El edificio tenía tres pisos, con dos departamentos diminutos en cada uno. Ninguna de las puertas estaba cerrada con llave, y el grafiti garabateado libremente sobre cada superficie disponible revelaba cuando menos, dos generaciones de ocupantes ilegales. McLean caminó con cuidado, de una habitación a otra, mientras el rayo de luz de su linterna iluminaba muebles rotos, cableados eléctricos arrancados y una que otra rata muerta. El detective criminalista MacBride nunca se alejó de su lado, merodeando como un obediente perro labrador, tan cerca que casi rayaba en la incomodidad. O quizá sólo se debía a que no quería tocar nada. No podía culparlo, de hecho. Llevaría semanas deshacerse del hedor del lugar. —Parece otro maldito desperdicio de tiempo —dijo McLean cuando salieron del último departamento y se detuvieron en el descanso en la parte superior de las escaleras. Todo el cristal había desaparecido, hacía mucho tiempo, de la ventana que daba a los jardines de la parte de atrás. Al menos eso significaba que un viento frío podría llevarse una gran parte del olor. —Mmm… ¿por qué vinimos, señor? —la pregunta se atoró en la garganta de MacBride, como si hubiera intentado contenerse de hacerla hasta el último minuto.

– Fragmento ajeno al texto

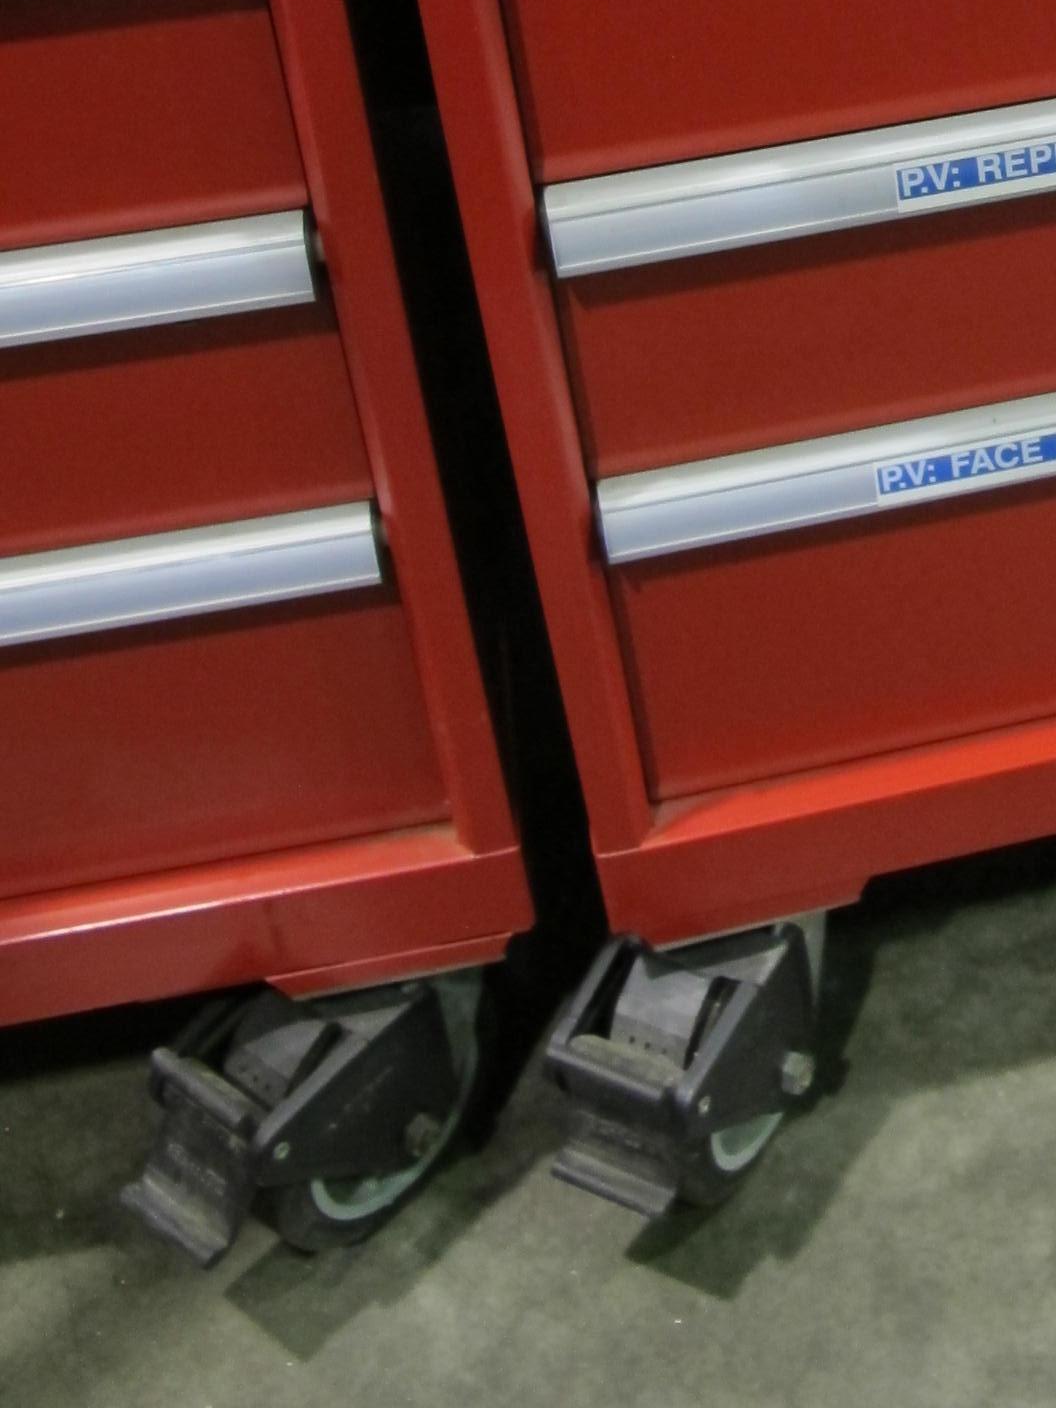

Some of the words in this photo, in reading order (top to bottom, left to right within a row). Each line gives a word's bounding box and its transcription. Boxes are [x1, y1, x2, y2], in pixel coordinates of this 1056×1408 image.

—Es una muy buena pregunta, agente —McLean dirigió su linterna hacia abajo, al cubo de la escalera vacío, después hacia arriba, en dirección al techo, con su línea angular y su tragaluz de cristal reforzado. Éste estaba lejos del alcance de los vándalos, y era lo suficientemente resistente para soportar los misiles que se le arrojaran, pero, a pesar de eso, un par de paneles estaban cuarteados y caídos—. Un informante. Un soplón. ¿Cómo es que los llaman hoy en día? ¿Una fuente encubierta de inteligencia humana? —con los dedos hizo pequeñas orejas de conejo a modo de comas invertidas, de manera que la luz de su linterna rebotó arriba y abajo mientras lo hacía—. ¡Que se jodan! El mío es un drogadicto llamado Izzy y es un pendejo inútil. Me inventó un montón de mierda para deshacerse de mí, no lo dudo. Me dijo que este lugar se usaba como centro de distribución. Fue mi culpa por creerle, supongo. Más luces que titilaban en la oscuridad, allá abajo, provenían del sargento Bob Laird y el oficial Taffy Jones, quienes avanzaban como podían entre las bolsas de basura en el pasillo. Si hubieran encontrado algo habrían gritado, así que parecía que el episodio completo era una absoluta pérdida de tiempo. Justo como en una de cada dos malditas redadas. Maravilloso. Seguramente Dagwood iba a estar muy satisfecho. —Vamos, pues. Probablemente sea mejor que no hagamos que Bob el Gruñón suba hasta acá. Regresemos al calor y la comodidad de la cafetería —McLean empezó a bajar las escaleras, y no se dio cuenta de que no lo seguían, hasta que estuvo a medio camino hacia el siguiente piso. Miró atrás y vio la linterna de MacBride dirigida a un espacio por arriba del montante de abanico sobre una de las puertas del departamento. Una pequeña portezuela daba acceso al espacio del ático del edificio. Se veía casi común y corriente, a excepción del brillante pasador nuevo para candado atornillado en ella. —¿Usted cree que pueda haber algo ahí, señor? —preguntó MacBride cuando McLean se reunió con él en el descanso. —Sólo hay una manera de averiguarlo. Deme un punto de apoyo. McLean se metió la linterna en la boca y pisó con cuidado en el hueco formado por los dedos entrelazados del agente. No había nada de qué sujetarse a excepción de una pequeña protuberancia debajo de la portezuela y tuvo que estirar su otra pierna hasta el barandal tambaleante antes de poder estirar una mano y abrir el pasador. Relucía donde, hasta hacía poco, había colgado un candado.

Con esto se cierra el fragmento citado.